Input for this task Start Marker

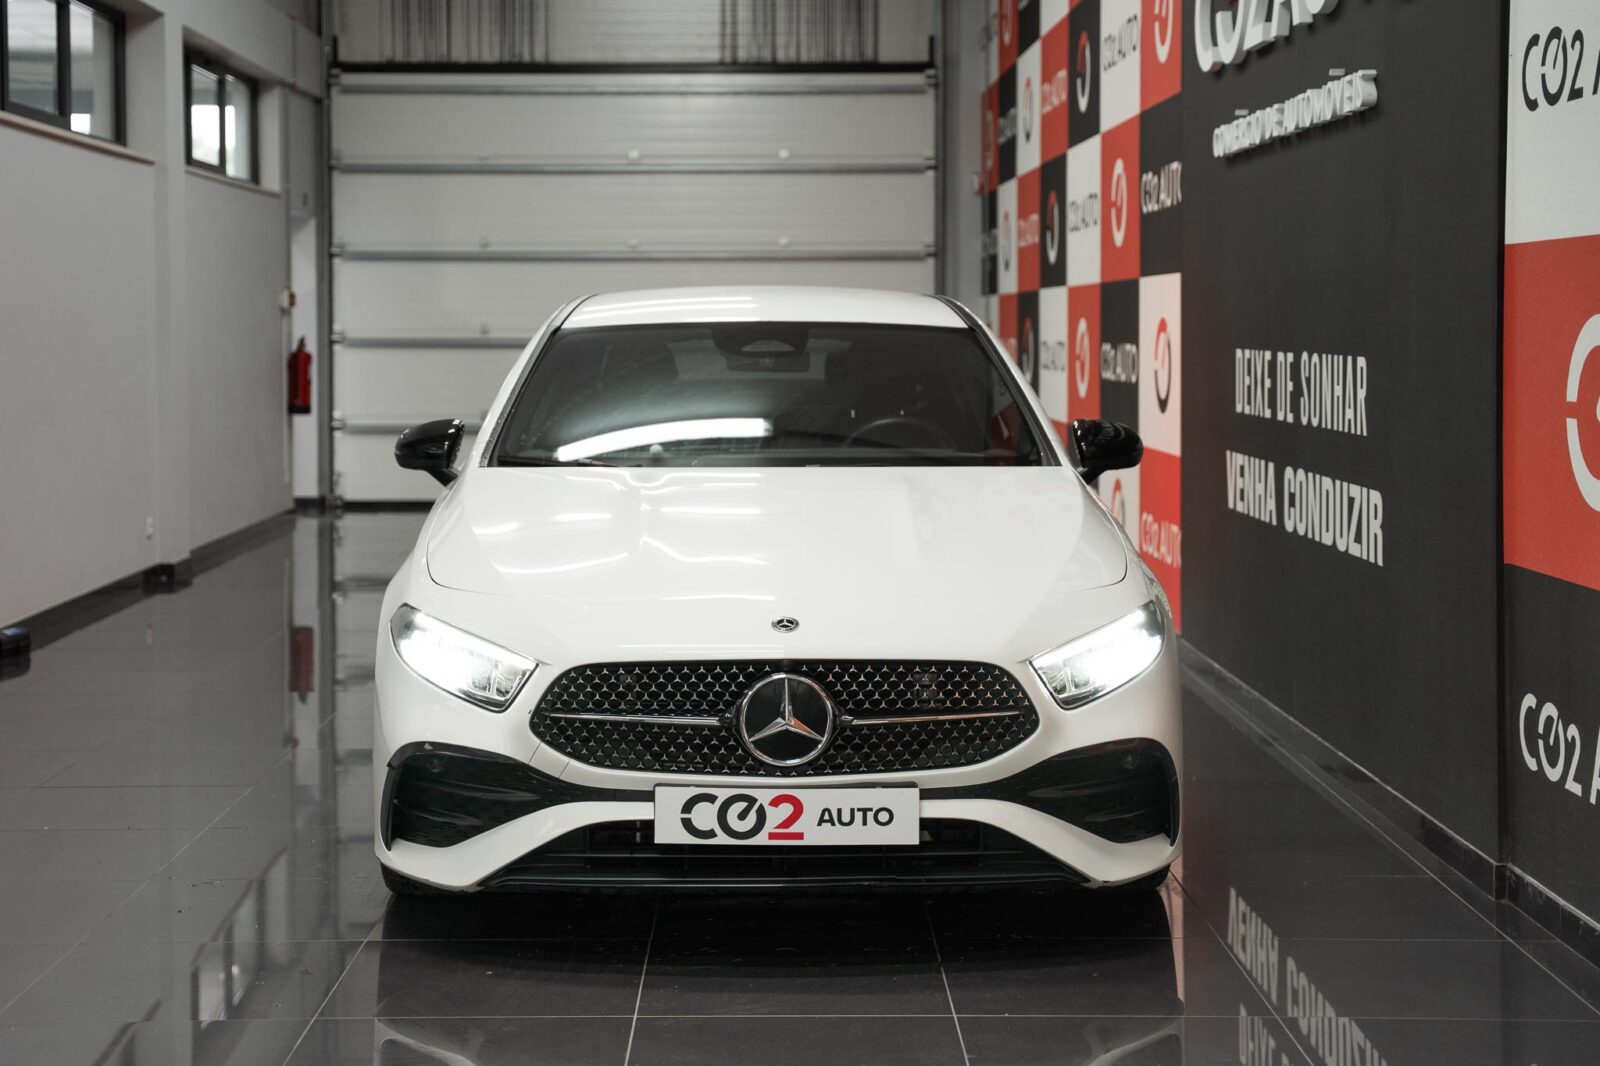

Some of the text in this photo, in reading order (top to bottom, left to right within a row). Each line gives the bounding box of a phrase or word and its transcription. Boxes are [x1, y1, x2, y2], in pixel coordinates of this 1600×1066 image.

[1522, 26, 1584, 112] CO2
[1235, 348, 1367, 436] DEIXE DE SONHAR
[1225, 450, 1383, 567] VENHA CONDUZIR
[1519, 693, 1582, 797] CO2
[680, 792, 894, 840] CO2 AUTO
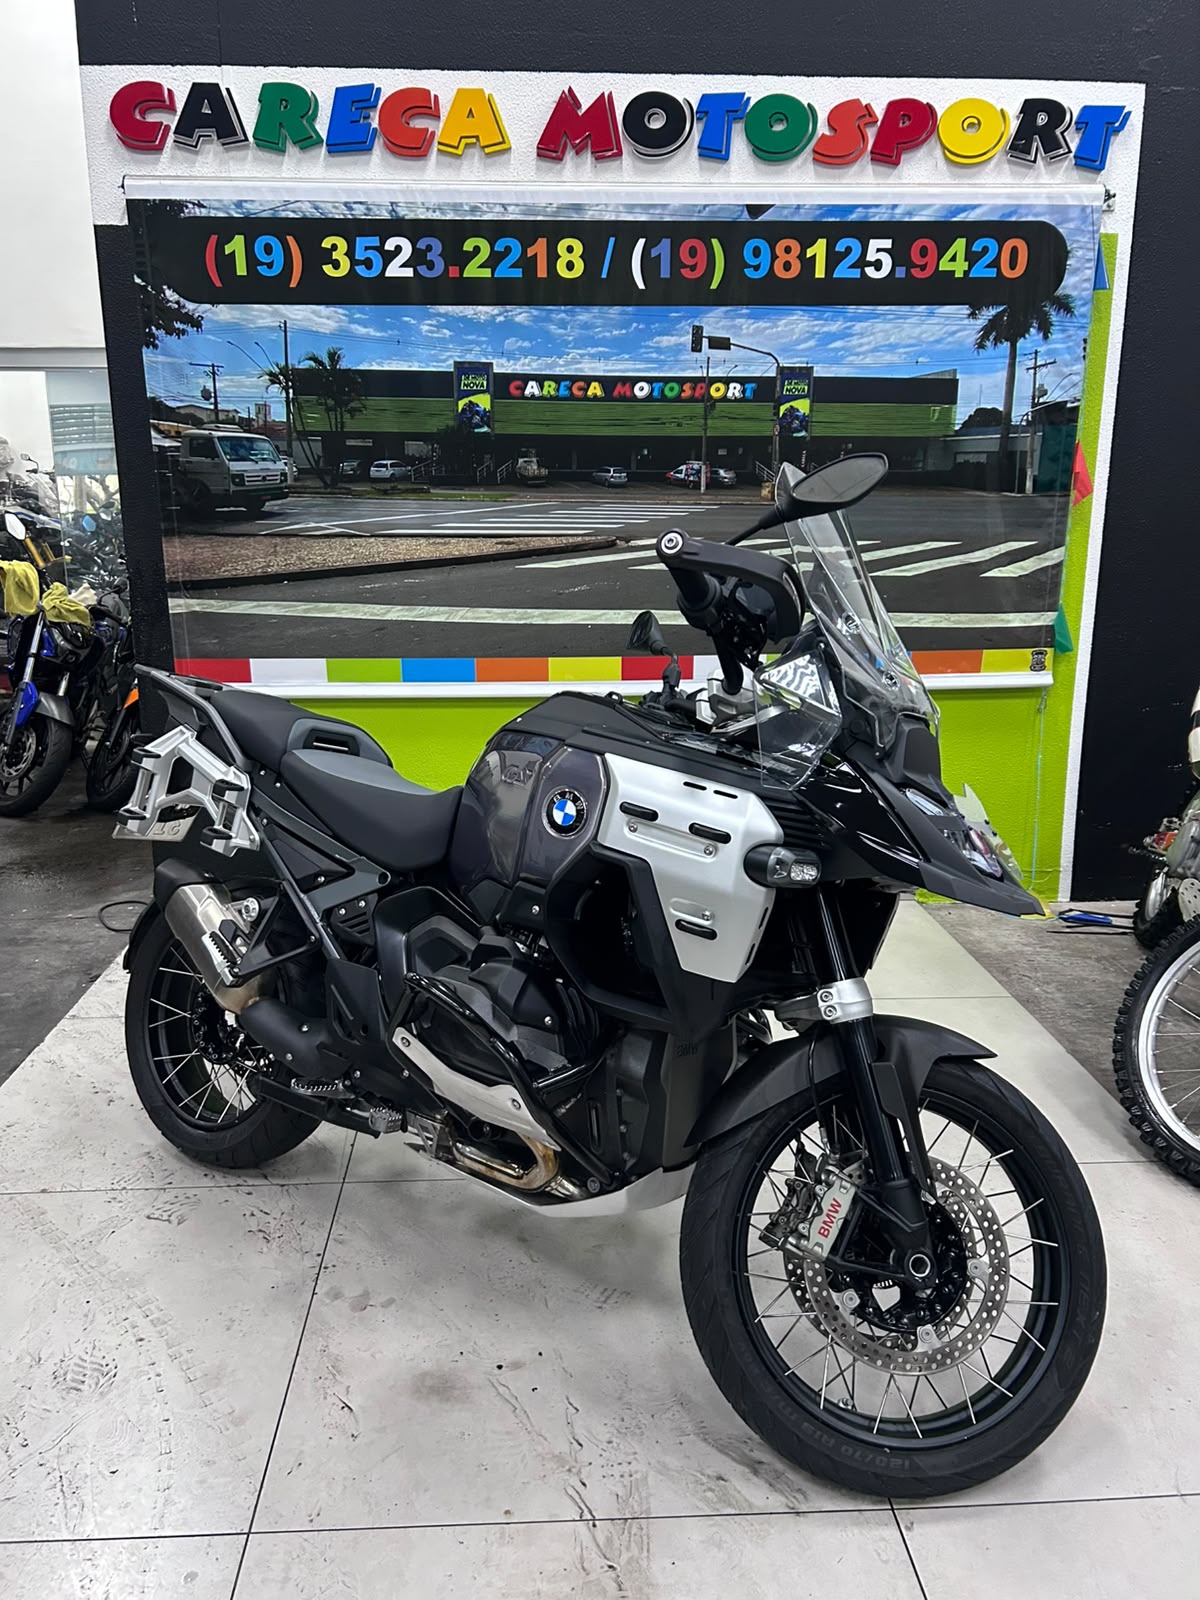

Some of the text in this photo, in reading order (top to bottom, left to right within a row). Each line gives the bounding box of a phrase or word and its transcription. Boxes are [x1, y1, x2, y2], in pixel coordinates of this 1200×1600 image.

[109, 80, 1131, 171] CARECA MOTOSPORT
[205, 234, 1028, 289] (19) 3523.2218 / (19) 98125.9420
[462, 381, 486, 389] NOVA
[509, 380, 757, 399] CARECA MOTOSPORT
[553, 792, 583, 810] BMW
[817, 1196, 842, 1239] BMW
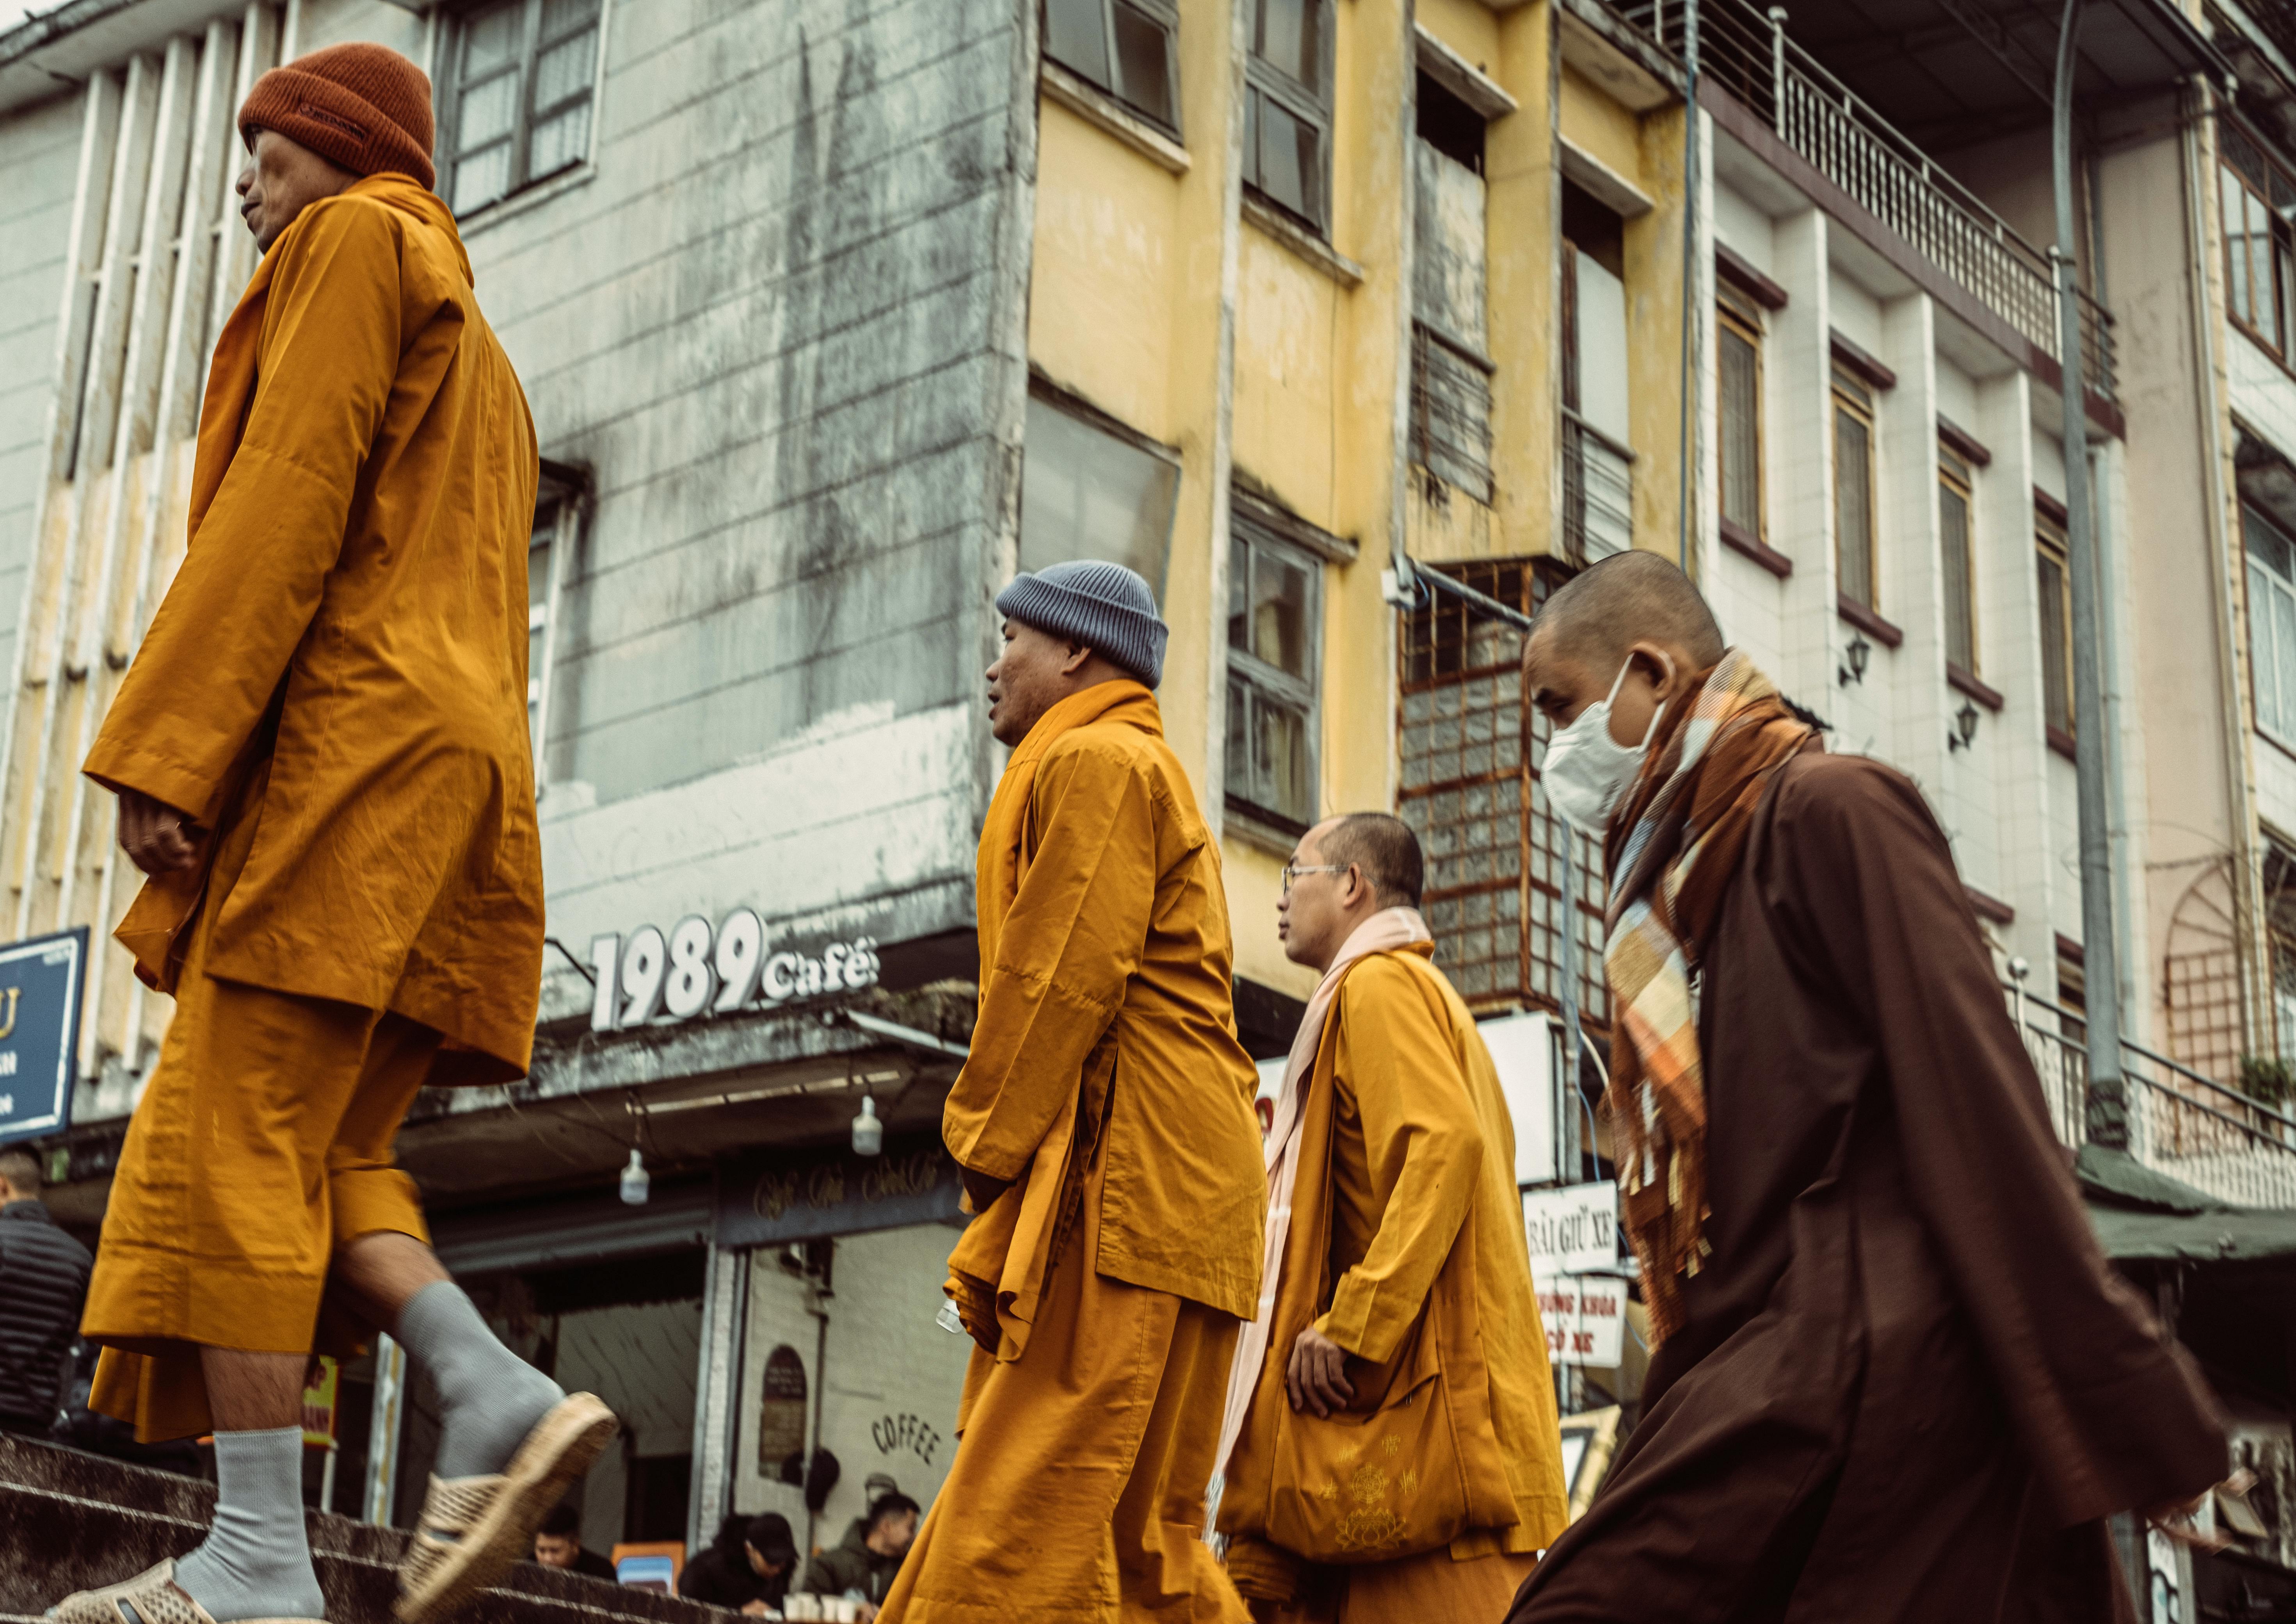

Input for this task End Marker

◆ **Exercise requirements**: Line by line, write out the data above exactly, without the pictures.

◆ **Output of the exercise**:
Some of the text in this photo, in reading order (top to bottom, left to right within a row). Each line gives the bounding box of a phrase or word and its transcription. Boxes are [x1, y1, x2, y2], in pixel coordinates of this 1600×1066 image.

[1522, 26, 1584, 112] CO2
[1235, 348, 1367, 436] DEIXE DE SONHAR
[1225, 450, 1383, 567] VENHA CONDUZIR
[1519, 693, 1582, 797] CO2
[680, 792, 894, 840] CO2 AUTO

Some of the text in this photo, in reading order (top to bottom, left to right within a row). Each line gives the bounding box of a phrase or word and its transcription. Boxes are [x1, y1, x2, y2], in pixel coordinates of this 1200×1600 image.

[109, 80, 1131, 171] CARECA MOTOSPORT
[205, 234, 1028, 289] (19) 3523.2218 / (19) 98125.9420
[462, 381, 486, 389] NOVA
[509, 380, 757, 399] CARECA MOTOSPORT
[553, 792, 583, 810] BMW
[817, 1196, 842, 1239] BMW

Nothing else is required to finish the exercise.